L’impasto ibrido e i vinili di Papilla
Al civico 41 di via Veturia la pizzeria Papilla propone una versione a metà strada fra scuola napoletana e romana. Il titolare Andrea Mecheroni seleziona un mix di farine manitoba, doppia zero e tonda romana del Molino Iaquone. Il pizzaiolo Mirko Pietrodarchi imposta un’idratazione superiore al sessanta per cento con lievitazioni da settantadue a centoventi ore, per una tonda che mantiene una base croccante ma sviluppa un cornicione pronunciato. L’ambiente accoglie novanta coperti interni e venticinque esterni tra arredi vintage e un pianoforte d’epoca, e fra i tavoli girano camerieri che indossano magliette con citazioni musicali di De André e Battisti.

Per la stagione estiva l’offerta introduce la focaccia morbida con prosciutto di Parma e fichi, che si affianca a cavalli di battaglia come l’Amatrigialla con fior di latte, pomodorino giallo, guanciale croccante e pecorino romano a scaglie. I fritti comprendono supplì classici e montanare condite con stracciatella, mortadella e pistacchi. E il recente avvio di una collaborazione con l’azienda vinicola Artico arricchisce la proposta dei calici alla mescita durante l’orario dell’aperitivo, e nel pairing con le pizze.
Papilla Pizzeria, Via Veturia 41/43, tel. 06 4543 0928. Orari: Mar-Dom 19:00-23:30. Sito | Instagram

Santini: la filiera etica della terra velletrana
Poco distante si sviluppa il progetto di Santini, aperto a maggio 2025 in via Francesco Valesio dal giovane Gabriele Santini. La proposta valorizza una filiera corta legata direttamente ai piccoli produttori artigianali di Velletri, supportata dai banchi del vicino mercato dell’albero ne, che riforniscono la cucina consentendo l’inserimento di fuori menu stagionali. Il nonno spedisce dalla provincia la pasta all’uovo per i fritti come le fettuccine burro e salvia, mentre il pane invenduto dei forni velletrani viene recuperato per diventare la panatura croccante dei supplì.

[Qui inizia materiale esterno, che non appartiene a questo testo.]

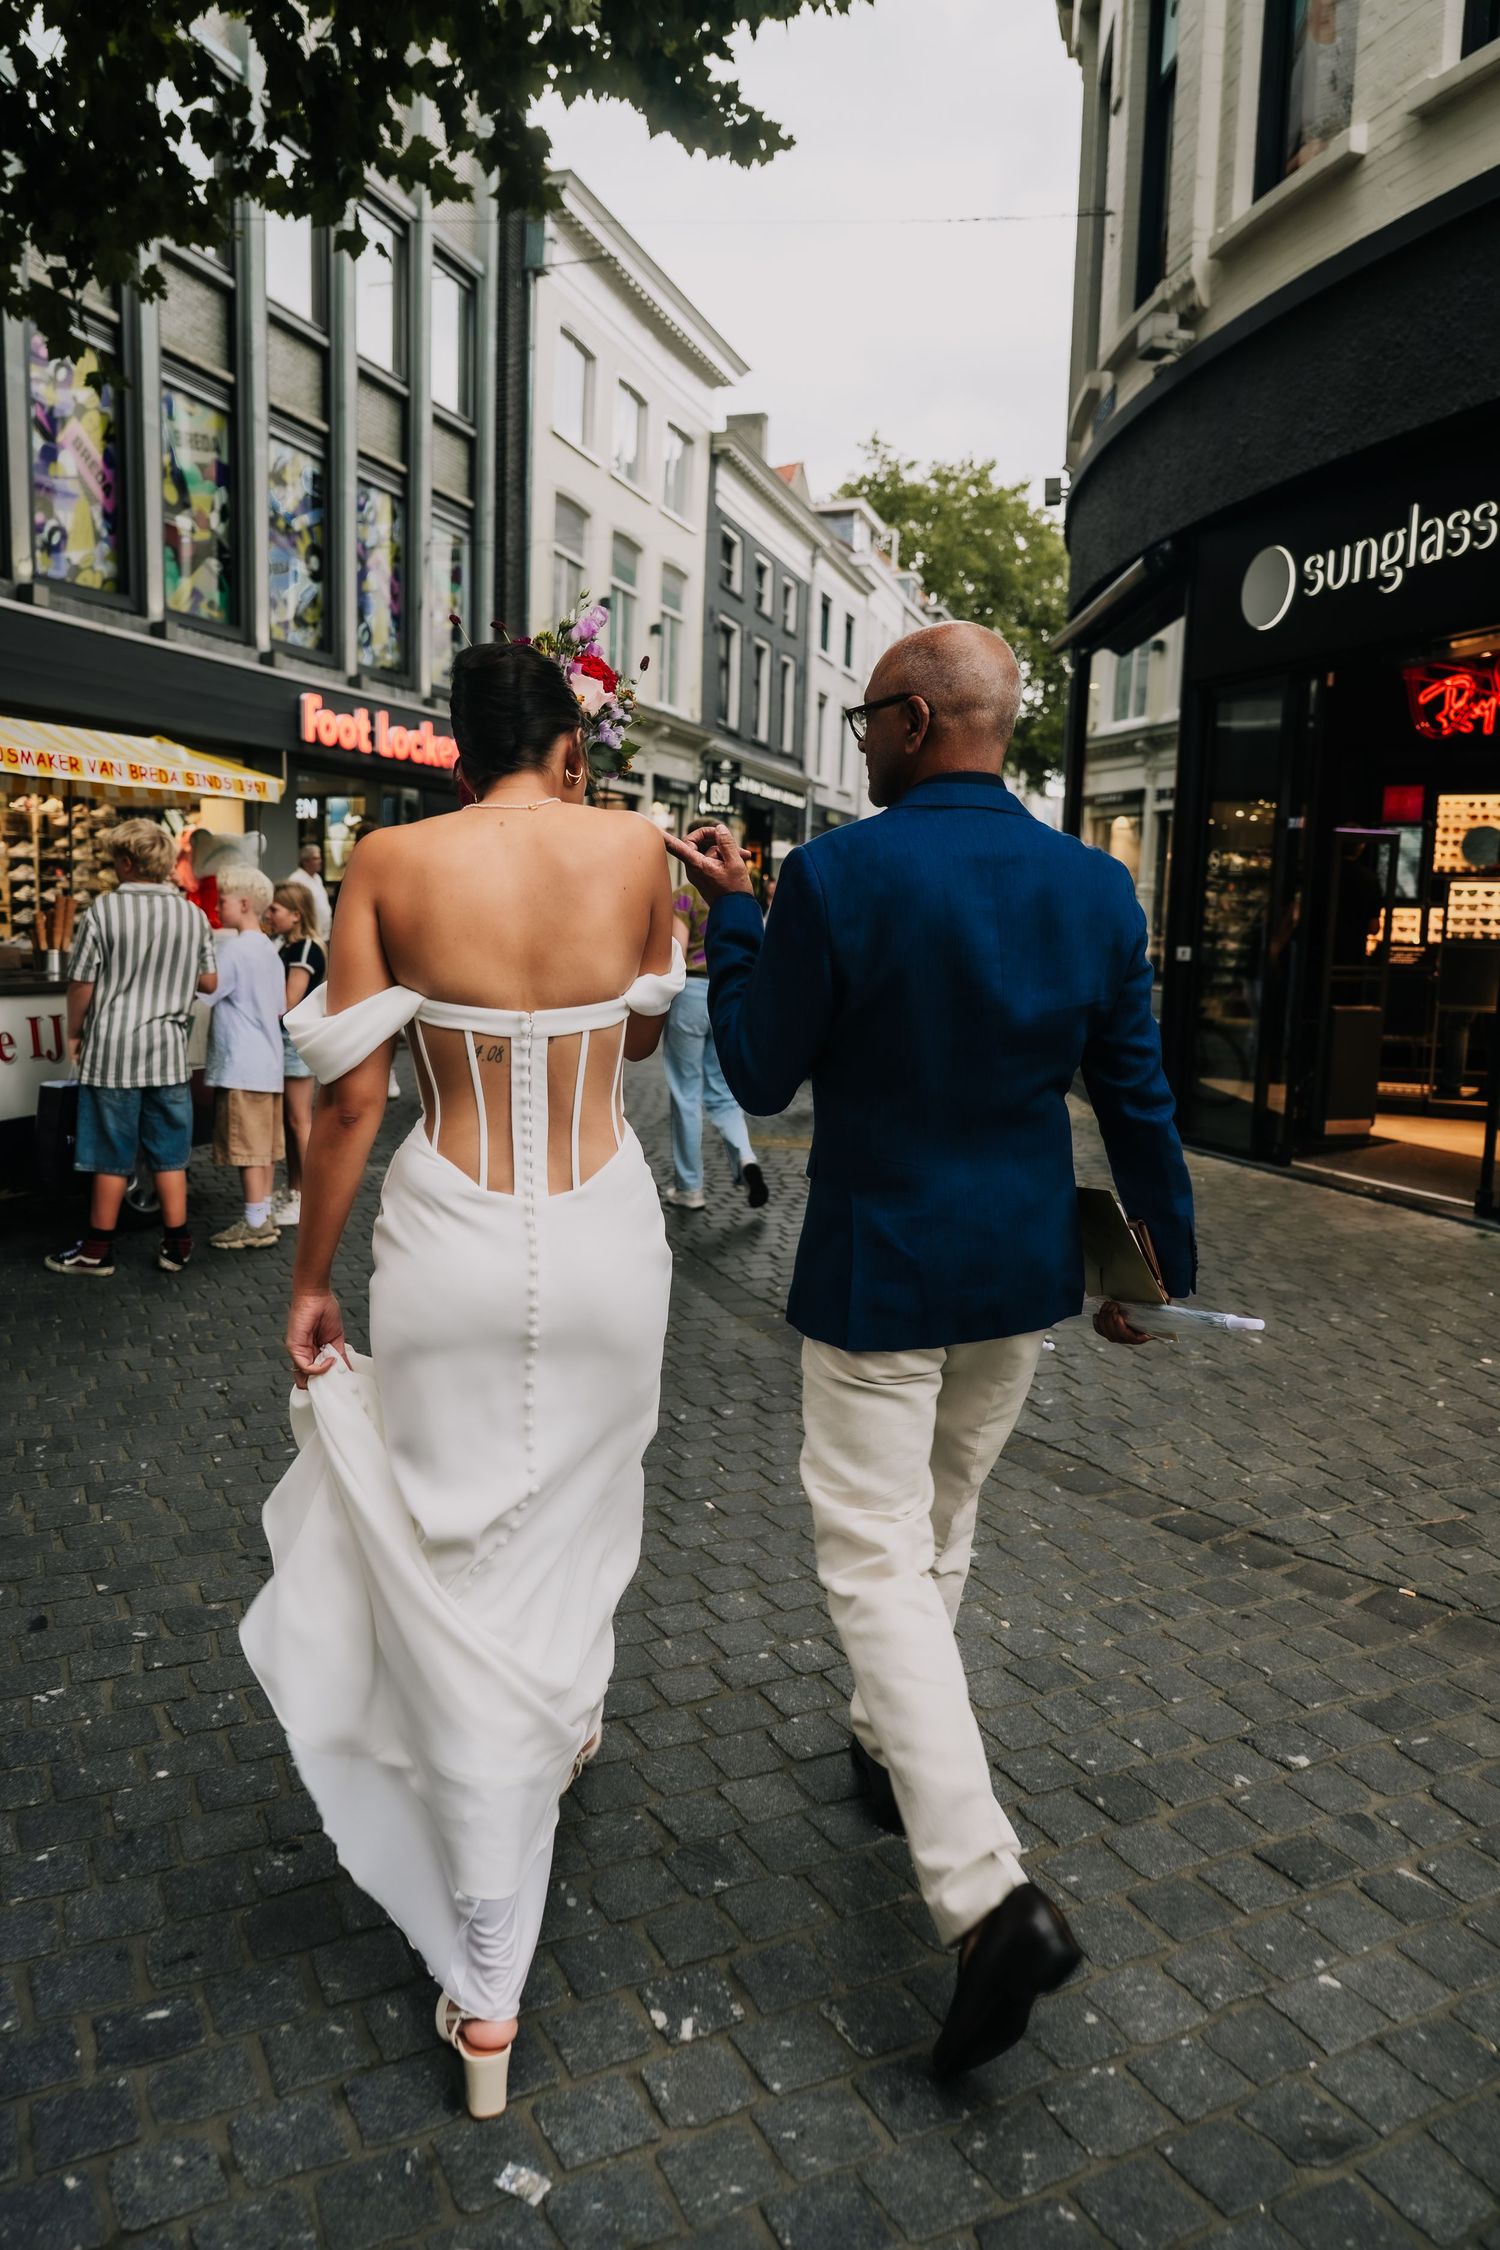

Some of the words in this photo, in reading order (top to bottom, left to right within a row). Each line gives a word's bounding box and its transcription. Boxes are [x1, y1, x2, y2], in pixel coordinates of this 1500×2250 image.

[72, 436, 113, 498] BREDA
[1303, 501, 1498, 597] sunglass
[300, 692, 372, 754] Foot
[88, 758, 122, 777] VAN
[129, 763, 179, 784] BREDA
[186, 772, 232, 790] SINDS

L’allestimento delle sale interne da centoventi coperti richiama la ristorazione classica con tovaglioli di stoffa e doppia forchetta. La carta dei vini curata dalla sorella sommelier raccoglie quaranta etichette orientate sulle aziende vinicole laziali. Tra le ricette signature si fa notare il crostino con crema di Parmigiano trentasei mesi e prosciutto cotto affumicato. Una menzione spetta alla pizza Crema di Scampi che omaggia la cucina storica del ristorante di famiglia.
Santini Pizzeria Romana, Via Francesco Valesio 15/23, tel. 06 540 4906. Orari: Lun-Dom 19:00-23:30. Sito | Instagram

Frontoni: il mattarello militante del fuoriclasse
La linea termina in via Assisi al civico 117, dove Daniele Frontoni gestisce la sua insegna da dieci anni. Lo spazio accoglie un grande forno a legna in mattoni per preservare la cottura classica romana. La stesa avviene al mattarello usando la Farina Frontoni, sviluppata in collaborazione con il Molino Cipolla, un blend che unisce grani teneri, farro e grano blasco per ottenere una consistenza sottile e croccante. Il menu propone combinazioni tematiche europee e opzioni vegetali con formaggi non animali di alto profilo.

Ma nella vita di Frontoni c’è anche un’altra “pizza”, quella del cinema, con all’attivo numerosi mediometraggi. E infine l’impegno sociale, a supporto dell’organizzazione Sea Shepherd: per ogni Marinara Esagerata ordinata viene devoluto un euro per la difesa degli oceani. La terrazza esterna da millecinquecento metri quadrati si affaccia sulla ferrovia e sull’acquedotto romano.
L’asse viario di Furio Camillo dimostra la vitalità della pizza romana attraverso tre indirizzi indipendenti disposti a breve distanza. La vicinanza permette di assaggiare stili e lavorazioni differenti senza uscire dal quartiere. E il disco basso conserva la sua centralità rionale proteggendo la tradizione culinaria locale dalle mode del centro e del momento storico.